The current amount of resources available, amount of resources seized per stage, the
current output of boxes (per day) and also the target output, as stipulated by the client, per
stage are as follows:
RESOURCES
(Operators) OUTPUT (Boxes per day)
PROCESS STAGE AVAILABLE SEIZED TARGET CURRENT CAPABLE
Batch-coding (1 printer & 1 pc) 1 1 30 100 105
Preparation 7 1 30 60 60
Scanning (1 scanner) 1 1 30 15 15
Indexing (6 pc’s) 6 1 30 15 95
Table 1: Stages, resources and outputs
Another problem that can be identified from this data is that the output at the Scanning
stage is limiting the output of the Indexing stage (which has a measured capable output of
95 boxes per day), with the effect that the final output is determined by the last stage
(Indexing) and therefore also limited.
The stack of boxes waiting to be prepared and scanned is growing at a high rate every day.
This takes up a lot of space and presents the opportunity to improve the final output if
some resource allocation changes can be made.
5
3. Project Aim
First of all, the standard time for each of the four procedures needs to be determined. The
standard times will then be compared to the daily targets to determine whether the
operators are performing at the desired rate, but more important whether the daily targets
are achievable at the rate the operators have to be able to perform.
The opportunity herein also lies to determine whether or not more boxes can be processed
in one day by making some changes in the resource allocation to the different stages in the
process. The simulation of different scenarios in order to achieve the highest possible
overall resource utilisation will be the main aim of this project.
6
4. Project Scope
For the purpose of this project, the scope of the time studies and simulation will be
focussed on the four stages constituting the document capturing process. The relevant
boundaries, other influencing factors and assumptions made for the purpose of this
simulation, will be further discussed in the conceptual model design section of this report.
7
5. Literature Study
Simulation can be defined as the attempt to imitate a real-life or hypothetical, process or
system over a period of time [11]. By developing a simulation model, the behaviour of the
system can be studied. According to Banks et al. [2], simulation modelling is not only used
as a design tool in order to forecast system performance, but also as an analysis tool in
order to predict the impact of potential changes in a system. According to Oses [8], two
models are necessary when attempting any simulation: First, the conceptual model which
stipulates the set of assumptions made concerning the system operation [2]. Second, the
computer model, which is a translation of the conceptual model into computer code,
making use of the appropriate computer simulation software [3].
5.1 History of Simulation
A brief history of simulation as studied by Kelton et al. [5] is given below.

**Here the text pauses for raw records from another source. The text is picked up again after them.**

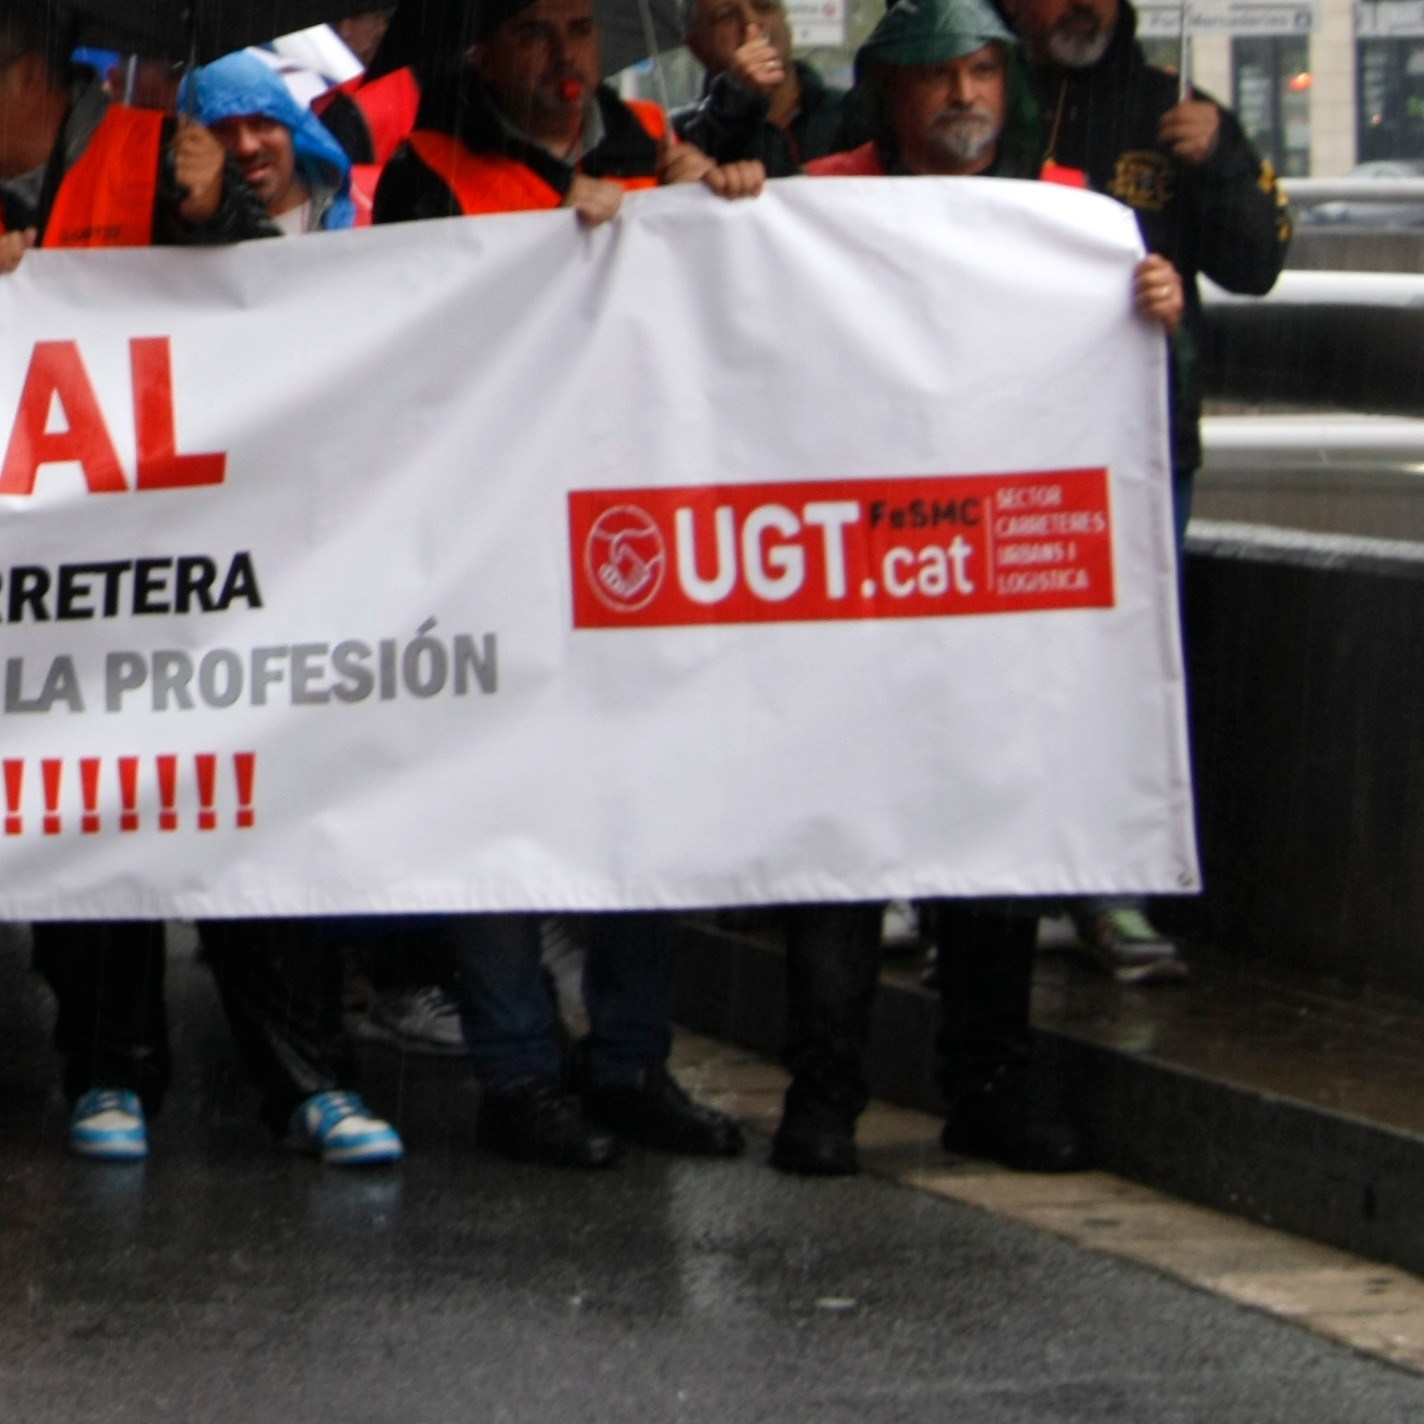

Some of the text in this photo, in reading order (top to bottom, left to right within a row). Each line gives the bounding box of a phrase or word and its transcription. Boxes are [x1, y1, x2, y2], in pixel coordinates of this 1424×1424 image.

[996, 485, 1062, 508] SECTOR
[870, 499, 981, 529] FeSMC
[995, 511, 1106, 536] CARRETERES
[4, 655, 84, 714] LA
[106, 616, 498, 712] PROFESIÓN
[4, 753, 255, 836] !!!!!!!
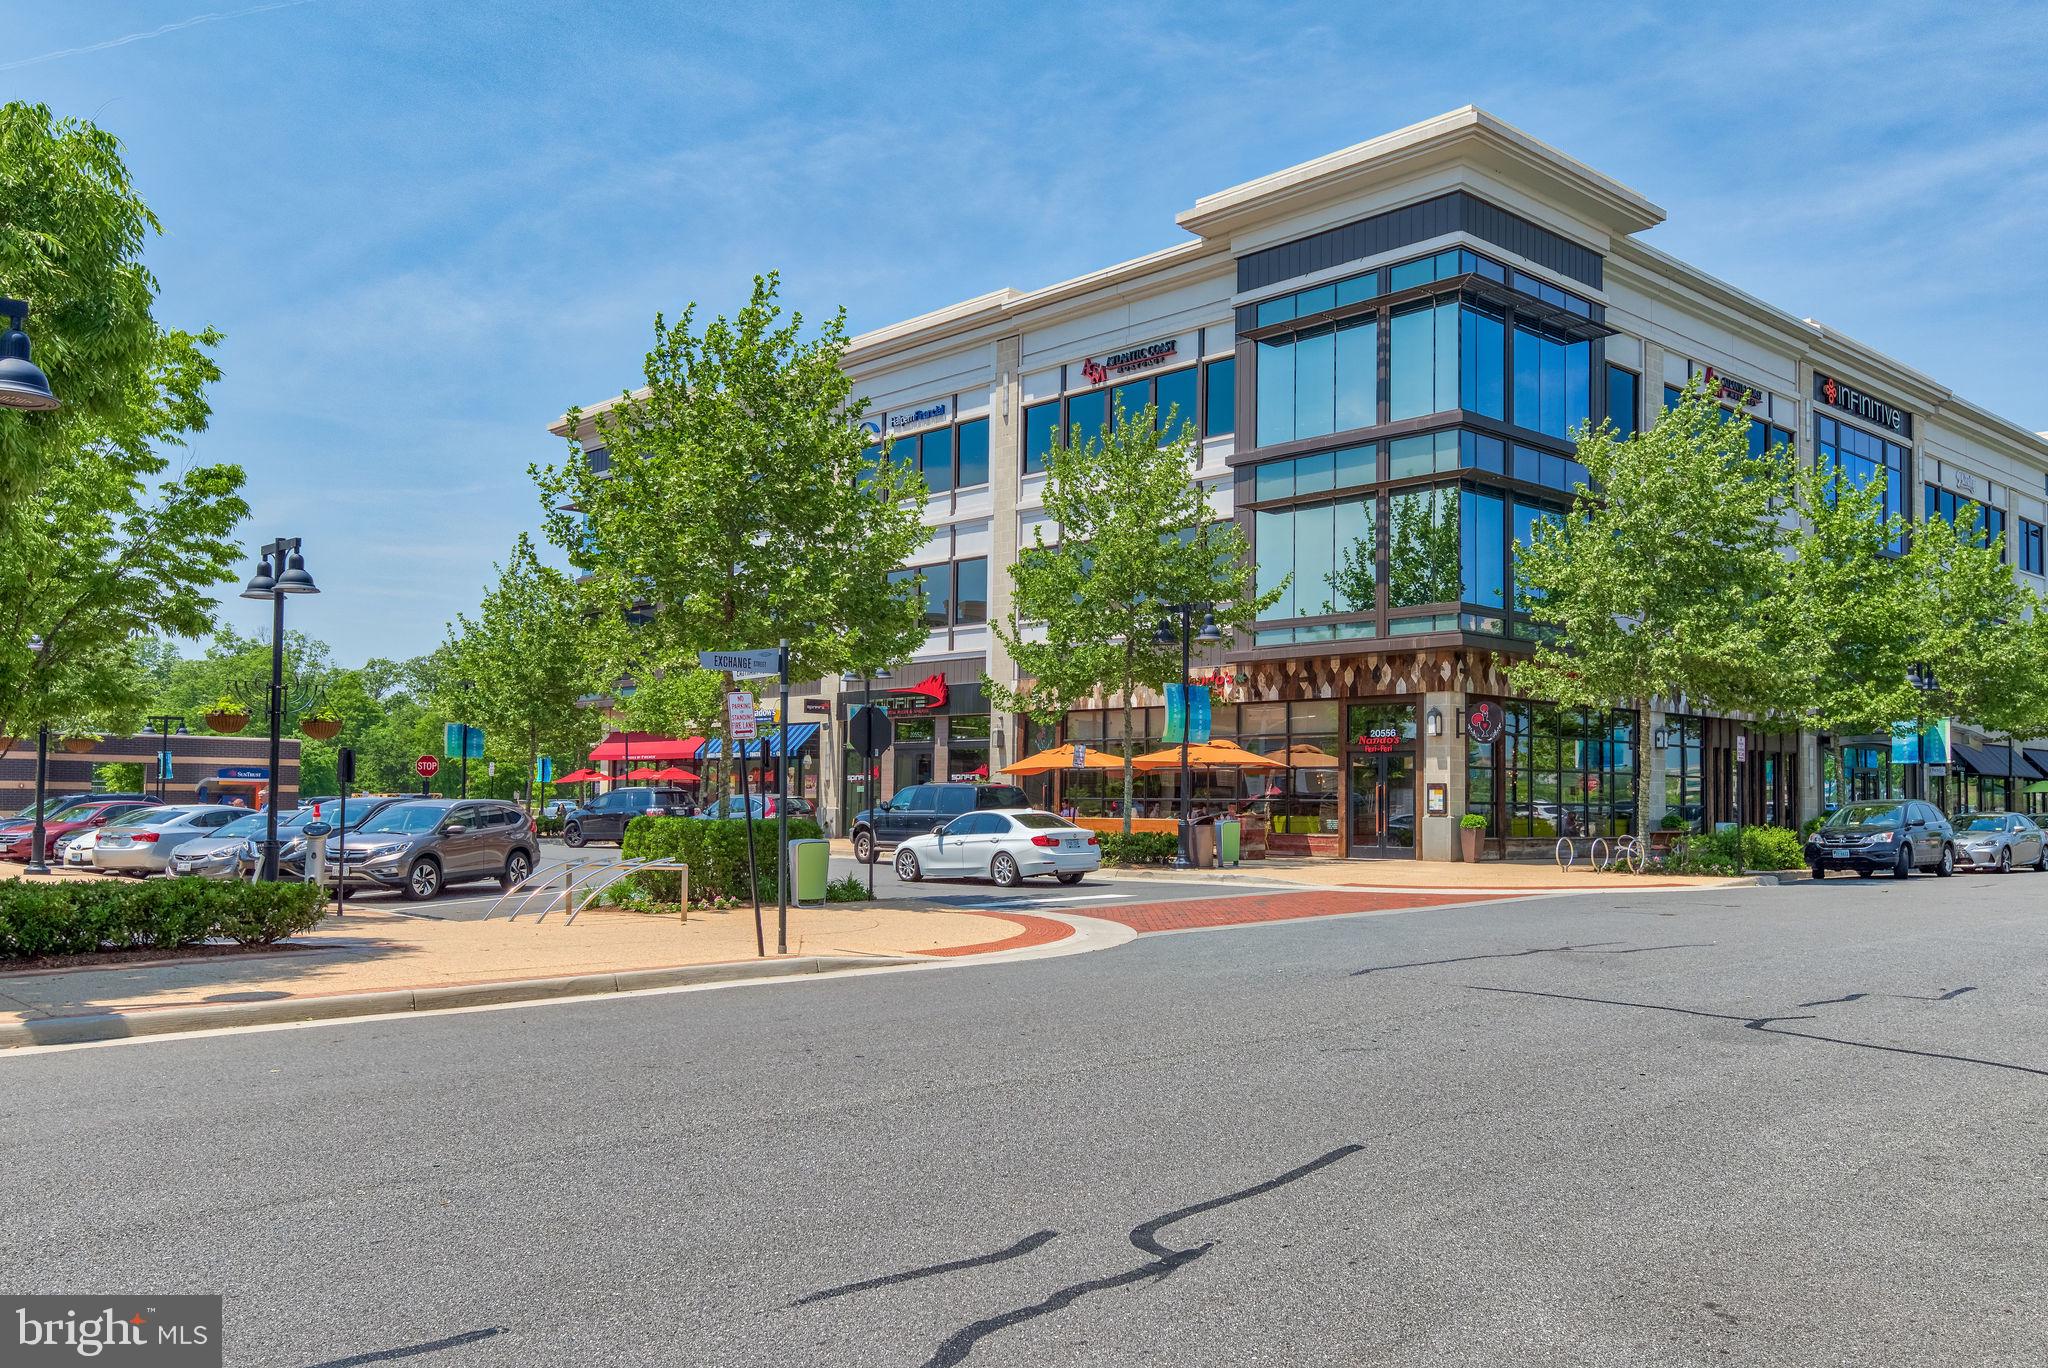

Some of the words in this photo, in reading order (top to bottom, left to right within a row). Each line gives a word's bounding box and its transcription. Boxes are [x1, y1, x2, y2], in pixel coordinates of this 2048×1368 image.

[1106, 347, 1147, 367] ATLANTIC
[1147, 339, 1177, 356] COAST
[714, 655, 752, 669] EXCHANGE
[753, 660, 767, 668] STREET
[731, 722, 743, 730] FIRE
[743, 721, 754, 729] LANE
[1370, 729, 1397, 738] 20556
[1359, 735, 1401, 746] Nando's
[1362, 744, 1393, 753] Peri-Peri
[417, 762, 437, 771] STOP

The Early Years – Late 1950s and 1960s. Large corporations, especially in the steel
and aerospace industry, started using complex simulation models, which at that time
were very expensive tools to use.
The Formative Years – 1970s and early 1980s. The variety of industries making use of
simulation, expanded due to the fact that computers became faster and cheaper.
However, the discovering of simulation by these industries usually only came when
trying to determine why a certain disaster occurred, for instance in the automotive
and heavy industries. Also during this time, simulation became part of operations
research and industrial engineering curricula at many universities.

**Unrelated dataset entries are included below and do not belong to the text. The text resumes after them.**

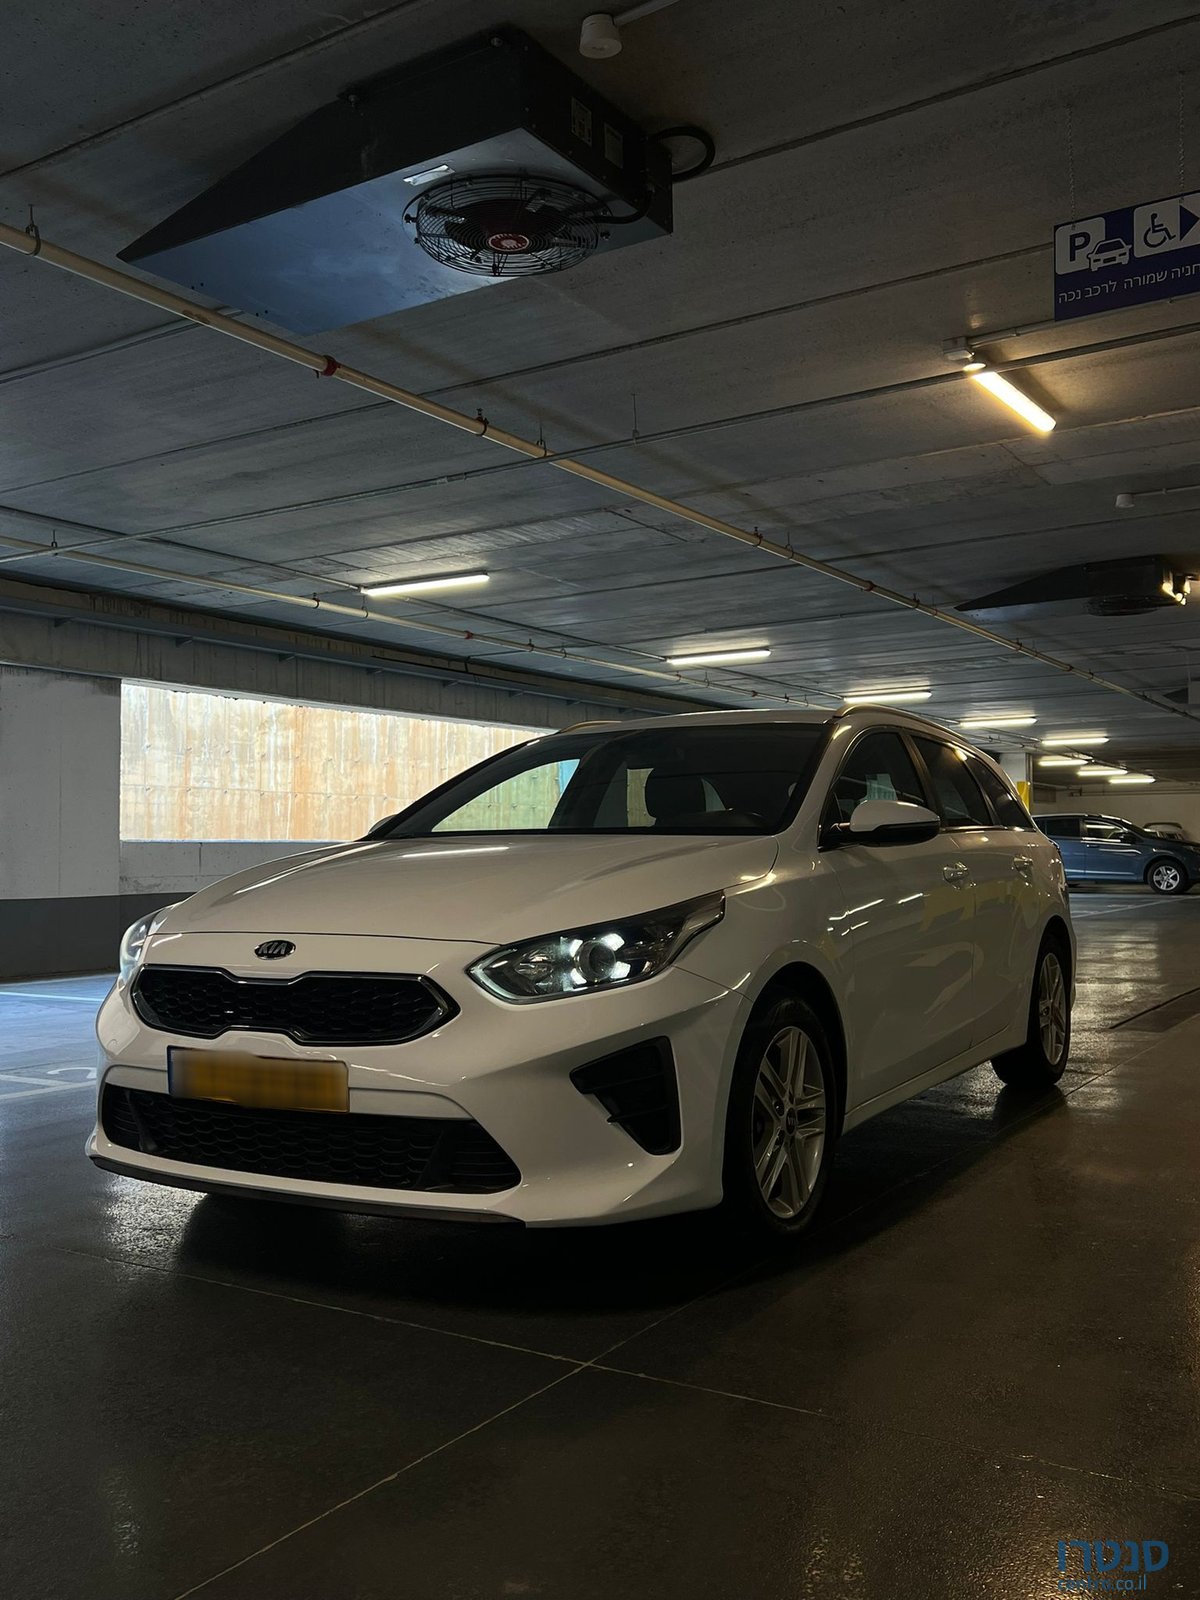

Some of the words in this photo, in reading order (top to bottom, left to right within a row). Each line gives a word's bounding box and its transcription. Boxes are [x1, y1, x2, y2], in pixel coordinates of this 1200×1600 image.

[1069, 231, 1091, 262] P
[1124, 270, 1168, 289] שמורה
[1058, 289, 1081, 304] נכה
[1084, 280, 1118, 298] לרכב
[257, 941, 288, 955] KIA

The Recent Past – Late 1980s. When the personal computer was introduced,
simulation began to play a genuine role in business and became a requirement for
the approval of any major projects.
The Present – 1990s and early 2000s. Smaller firms also began to employ simulation.
Due to improved animation, faster computers and the greater ease of use, simulation
became a standard tool in most businesses and is being employed in even earlier
stages of the design phase. However, the universal acceptance of simulation is still
prevented by the required modelling skills and model-development time.

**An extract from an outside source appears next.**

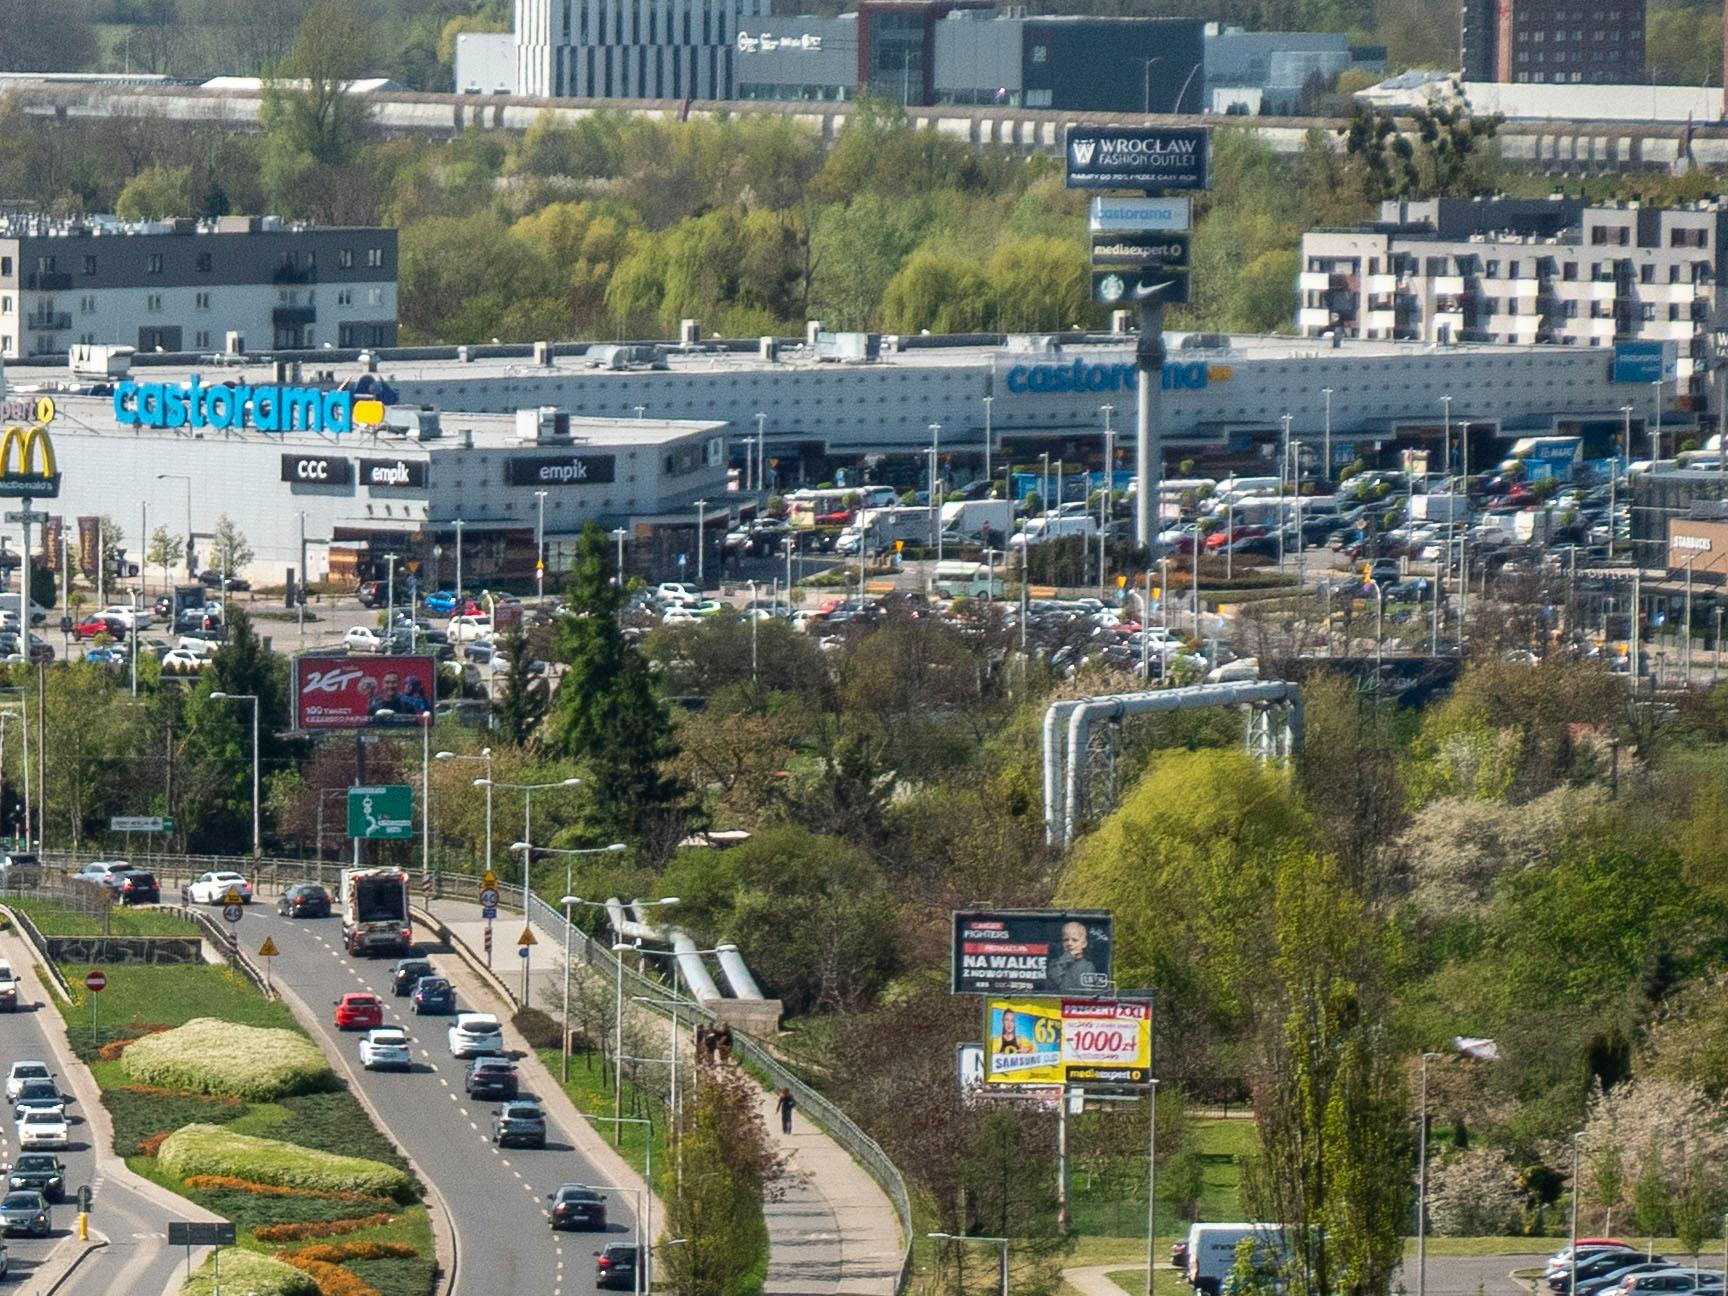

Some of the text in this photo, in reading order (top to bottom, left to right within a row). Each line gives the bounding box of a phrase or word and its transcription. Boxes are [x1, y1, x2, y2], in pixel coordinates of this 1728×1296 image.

The Future – With the ever increasing growing rate of computer speed, there is no
doubt that simulation will continue its rapid growth. With the assistance of emerging
and more powerful operating systems, simulation software will become easier to use
with complete integration with other software.
8
5.2 Advantages and uses of Simulation
As stated by Carson [4], simulation can be used for three main reasons:
1. Evaluation
2. Comparison
3. Analysis
Carson [4] also states that the key results of simulation include system performance
prediction and also system problem and cause identification.
The advantages of using simulation have been discussed by many authors, including
among others, Pegden et al. [9] and Banks et al. [2], and a concise summary is as
follows:
• Experimentations including changes, alternatives and options can be
evaluated without disrupting the real system.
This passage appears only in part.